Locals stick together in the Whistler arts scene

"Whistler's favourite artist" got his start at a sushi place

An acrylic painting of snow covered mountains.
This piece was commissioned by Parks Canada to hang at the Rogers Pass Visitors Center. The image is of Swiss Peaks. A prominent feature of the park. — Photo courtesy Chili Thom, local Whistler BC acrylic artist

Whistler attracts an estimated two million visitors every year and those who want to take home something less kitschy than a keychain are able to feast their eyes on local art in several locations in the village.

According to local acrylic painter Chili Thom, voted Whistler’s favourite artist every year since 2002, cafes and restaurants such as Sushi Village at 4272 Mountain Square offer some of the best browsing for visitors who have a craving for place-based art to help them remember their vacations.

Thom worked at Sushi Village before he decided to pursue painting and other creative pursuits full-time. When he started serving he said the walls of the restaurant were bare, so he “just started hanging stuff up.”

“That was actually the way I first got recognized with my art around town,” he said. “I took advantage of friends that owned restaurants, hung art in the restaurants and got a lot of exposure that way.”

While there are many world-class commercial galleries in the village, Thom said that many local and up-and-coming artists have had to take advantage of community contacts to overcome the squeeze on studio and gallery space.

“It’s important to local and upcoming artists that local businesses get on board and give them an opportunity,” said Thom. “Aside from coffee shops and restaurants in town, in the village proper there’s pretty much nothing.”

Sushi Village owner Naoko Homma believes the art-in-establishments arrangement is a win-win.

“[Chili] used to work here as a server and he was very talented,” said Homma. “It’s nice to have his paintings in the restaurant. There are lots of artists displaying in restaurants because there are a lot of talented artists in this town and only a couple galleries."

This kind of support for artists of the corridor has appeared to be on the rise in recent years. The Whistler Arts Council operates the Scotia Creek Gallery, the only public art gallery in Whistler that gives artists of all ability levels and disciplines the opportunity to show their work in a professional environment.

The majority of the exhibits at the gallery showcase the artwork of local artists; in 2012, 11 of their 12 exhibits were of local content and showcased the work of over 100 artists from the Sea-to-Sky Corridor.
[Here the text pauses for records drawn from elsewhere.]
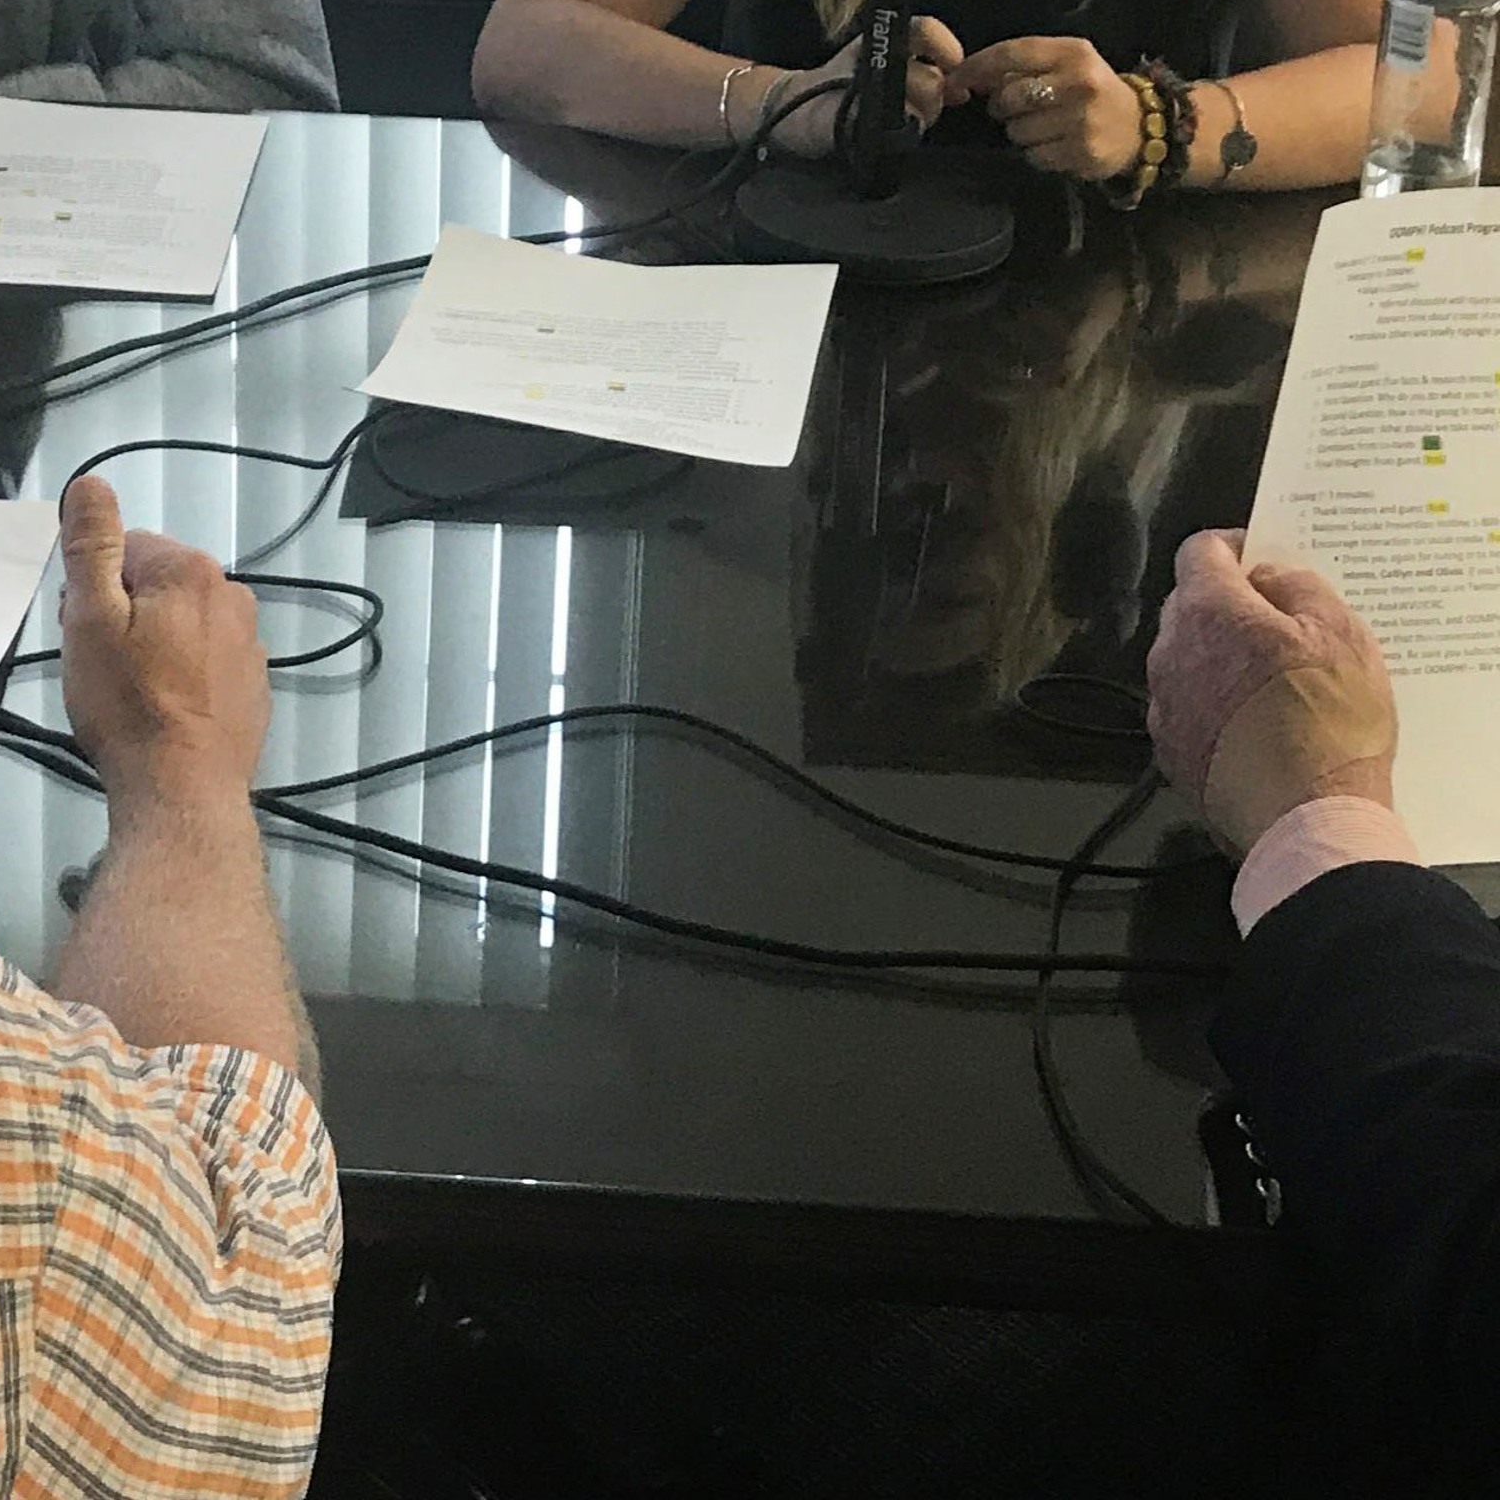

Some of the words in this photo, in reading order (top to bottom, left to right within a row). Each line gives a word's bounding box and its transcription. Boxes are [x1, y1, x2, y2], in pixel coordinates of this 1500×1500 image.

[871, 8, 898, 70] frame
[1428, 223, 1465, 235] Podcast
[1415, 568, 1433, 578] and
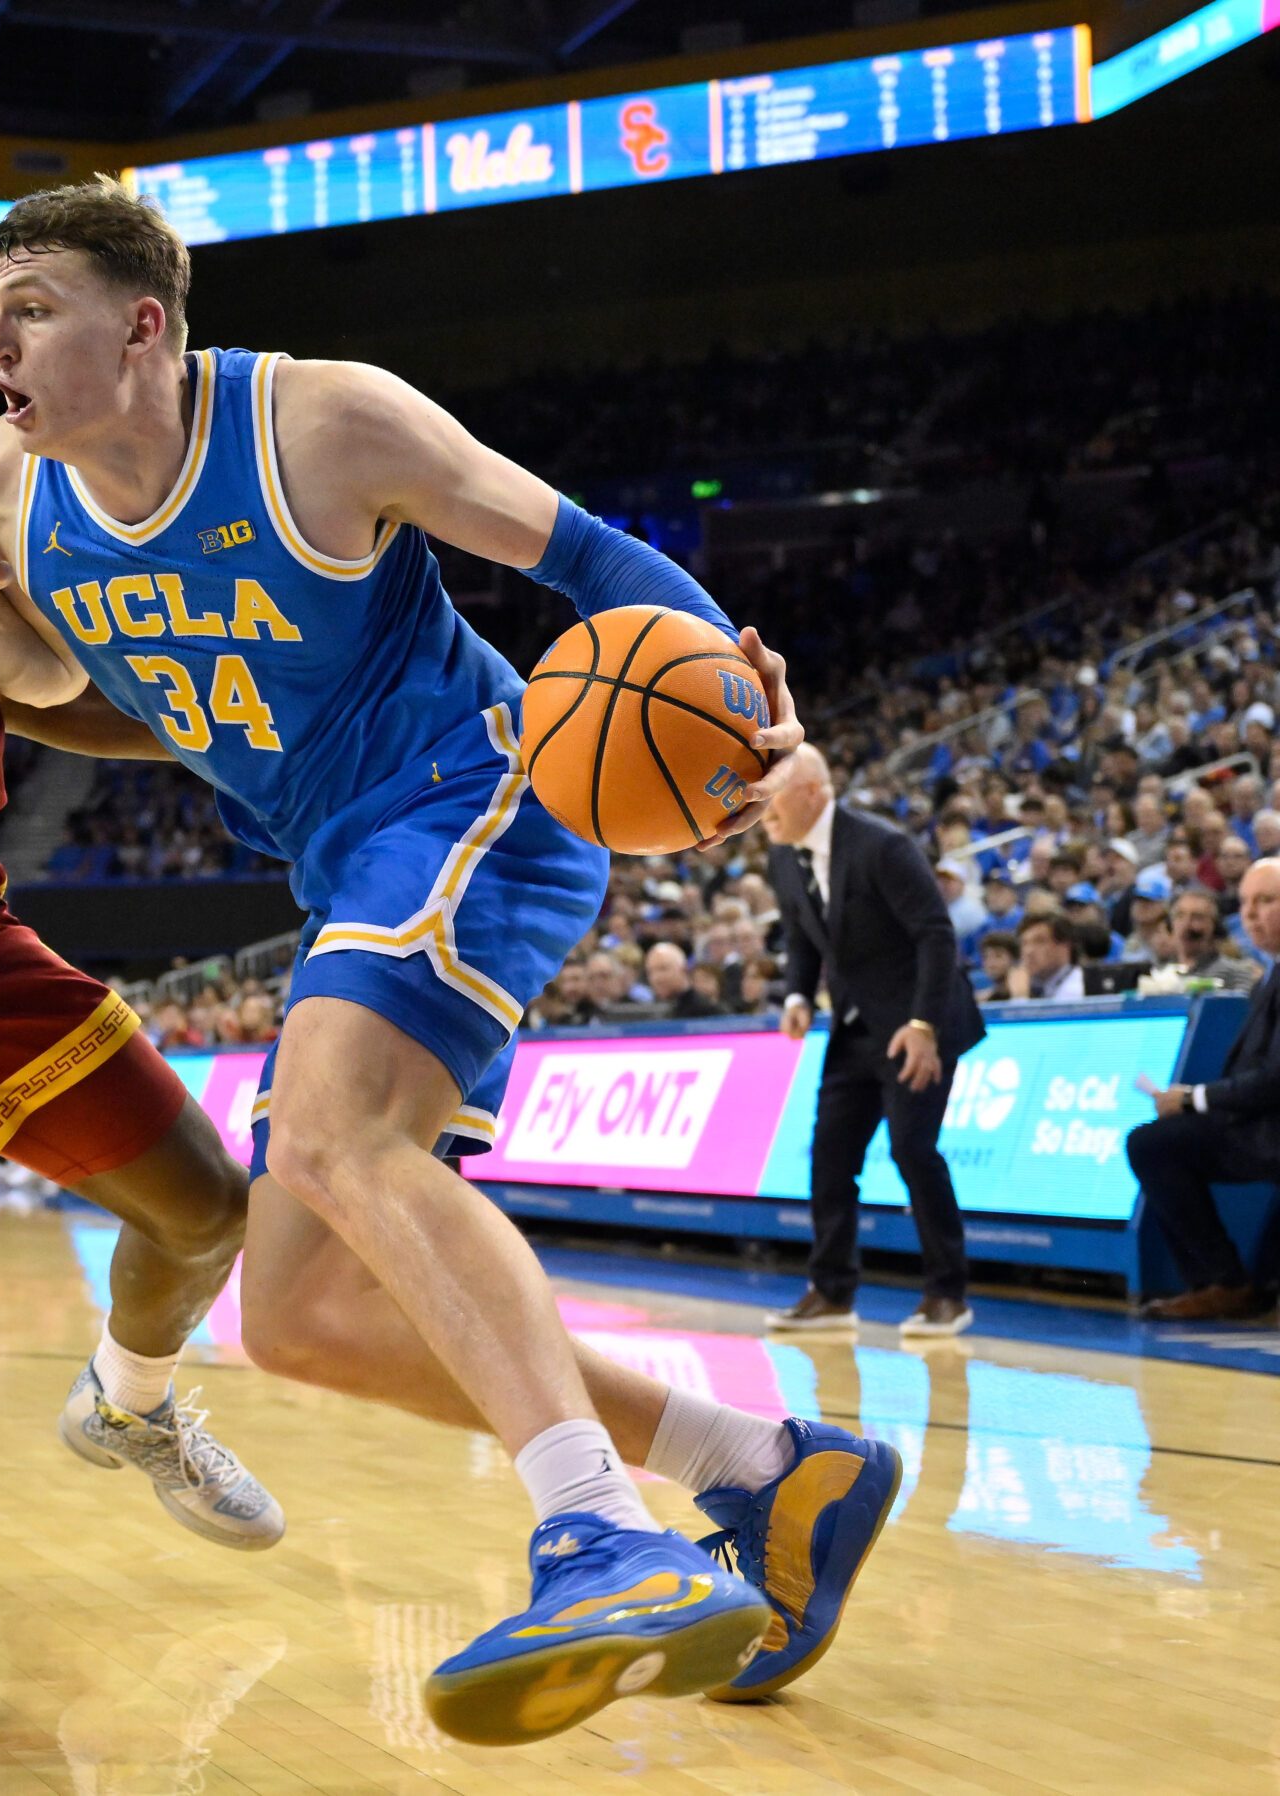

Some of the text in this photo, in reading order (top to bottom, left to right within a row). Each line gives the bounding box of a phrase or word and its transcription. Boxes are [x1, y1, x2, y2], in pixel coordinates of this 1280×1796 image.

[50, 573, 303, 645] UCLA
[124, 655, 283, 753] 34
[704, 764, 748, 818] UC
[528, 1069, 594, 1152] Fly
[1044, 1075, 1076, 1111] So
[1031, 1118, 1063, 1155] So
Their next local art exhibit, which runs from April 1 to April 26, 2013, with an opening night on April 1, will be Night Lights, a night photography exhibit curated by Whistler-based photographer Arne Gutmann.

“The art community has been growing and growing every year,” said Thom. “When I first moved here there were small collectives of artists and a lot of old-school artists around who had lived in Whistler for 30 or 40 years, but not really much going on. Now since art and the snowboard and ski culture scenes have started to take off—ski graphics and snowboard graphics are becoming a popular art form—I’ve watched the community grow from a handful of artists to hundreds. It’s really fantastic to see.”
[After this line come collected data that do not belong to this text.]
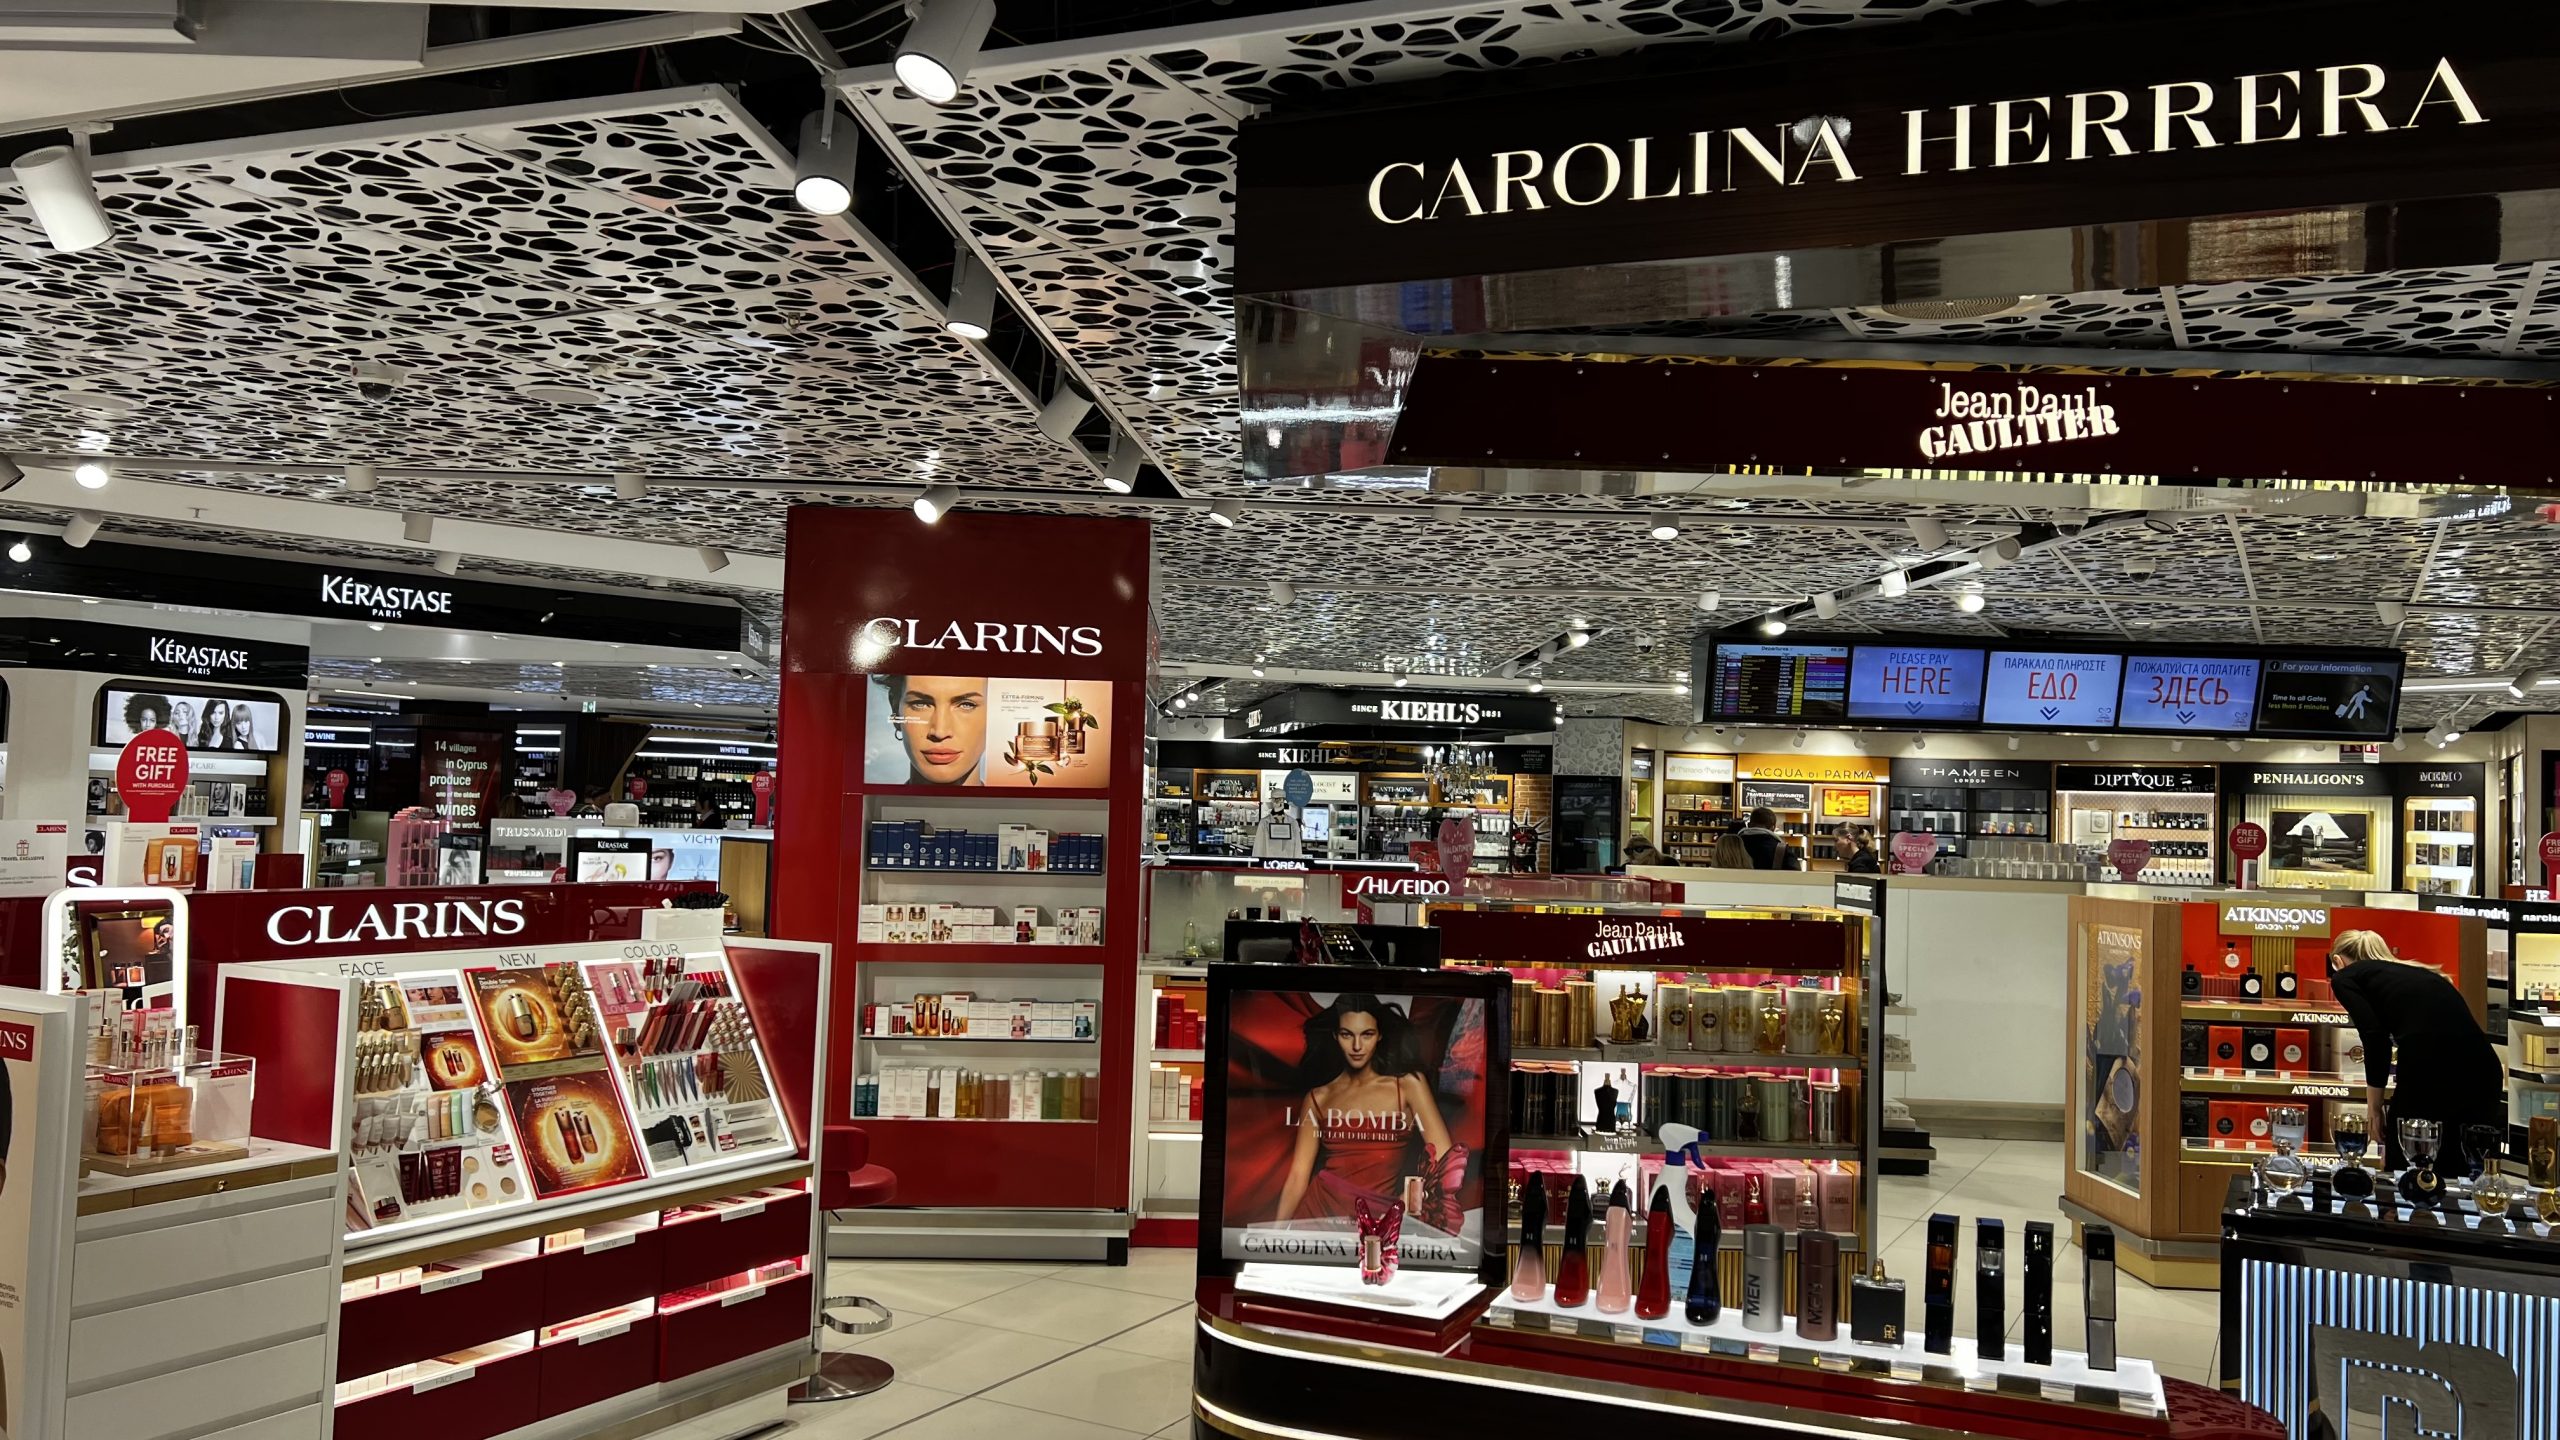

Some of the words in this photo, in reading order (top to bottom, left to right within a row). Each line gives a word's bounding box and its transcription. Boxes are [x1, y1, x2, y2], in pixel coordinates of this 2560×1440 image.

[1367, 115, 1857, 224] CAROLINA
[1901, 56, 2491, 176] HERRERA
[1936, 382, 2015, 419] Jean
[2018, 385, 2097, 420] Paul
[1919, 404, 2120, 459] GAULTIER
[322, 574, 453, 614] KÉRASTASE
[372, 609, 402, 618] PARIS
[864, 617, 1103, 657] CLARINS
[150, 636, 248, 670] KÉRASTASE
[1890, 652, 1925, 664] PLEASE
[1929, 653, 1950, 666] PAY
[188, 667, 211, 675] PARIS
[2004, 657, 2055, 670] ΠΑΡΑΚΑΛΩ
[2056, 659, 2107, 672] ΠΛΗΡΩΣΤΕ
[2134, 661, 2199, 674] ПОЖАЛУЙСТА
[2201, 663, 2251, 677] ОПЛАТИТЕ
[2298, 664, 2318, 672] your
[2320, 663, 2372, 673] Information
[1882, 666, 1953, 695] HERE
[2028, 671, 2079, 701] ΕΔΩ
[2147, 675, 2229, 709] ЗДЕСЬ
[1351, 704, 1378, 713] SINCE
[1381, 700, 1480, 724] KIEHL'S
[1481, 710, 1501, 718] 1851
[305, 732, 315, 740] ED
[316, 732, 336, 740] WINE
[434, 740, 447, 751] 14
[449, 743, 477, 753] villages
[719, 746, 737, 754] WHITE
[135, 746, 178, 763] FREE
[445, 759, 455, 769] in
[456, 758, 488, 771] Cyprus
[135, 765, 175, 781] GIFT
[1753, 768, 1804, 778] ACQUA
[1824, 769, 1875, 780] PARMA
[1920, 767, 2020, 778] THAMEEN
[2253, 773, 2365, 786] PENHALIGON'S
[430, 774, 471, 787] produce
[2094, 773, 2175, 788] DIPTYQUE
[463, 791, 481, 799] oldest
[436, 803, 476, 817] wines
[496, 827, 567, 838] TRUSSARDI
[683, 834, 721, 844] VICHY
[2236, 829, 2259, 837] FREE
[597, 841, 629, 849] KÉRASTASE
[2236, 836, 2257, 845] GIFT
[1899, 845, 1929, 853] SPECIAL
[1905, 851, 1922, 859] GIFT
[1264, 860, 1309, 870] L'ORÉAL
[1347, 876, 1450, 895] SHISEIDO
[2225, 906, 2326, 925] ATKINSONS
[2435, 905, 2476, 916] narciso
[267, 899, 526, 946] CLARINS
[1595, 920, 1633, 938] Jean
[1635, 921, 1674, 938] Paul
[1587, 931, 1685, 958] GAULTIER
[2097, 930, 2142, 949] ATKINSONS
[624, 944, 680, 959] COLOUR
[500, 953, 537, 968] NEW
[339, 961, 387, 977] FACE
[604, 1003, 631, 1014] LOVE
[2291, 1012, 2350, 1024] ATKINSONS
[211, 1067, 249, 1077] CLARINS
[2291, 1085, 2350, 1097] ATKINSONS
[1285, 1106, 1318, 1127] LA
[1327, 1108, 1425, 1132] BOMBA
[1313, 1130, 1322, 1139] BE
[1328, 1131, 1355, 1140] LOUD
[1357, 1132, 1370, 1140] BE
[1372, 1132, 1398, 1142] FREE
[1244, 1237, 1347, 1258] CAROLINA
[1353, 1243, 1457, 1261] RERA
[1747, 1274, 1760, 1316] MEN
[1807, 1282, 1822, 1325] MEN
Thom said that while he and many local artists continue to be inspired by their scenic surroundings, the recent rise of up-and-coming artists has given a “young, fresh face” to traditional landscape art being produced in the area.

“Everyone’s really influenced by going up on the mountain and going mountain biking and skiing, so there’s a dominant theme in the art,” he said. “But you see that traditional landscapes are being fused into low-brow underground art. It’s basically like a facelift on the typical idea of what landscapes are. There are a lot of new twists on it."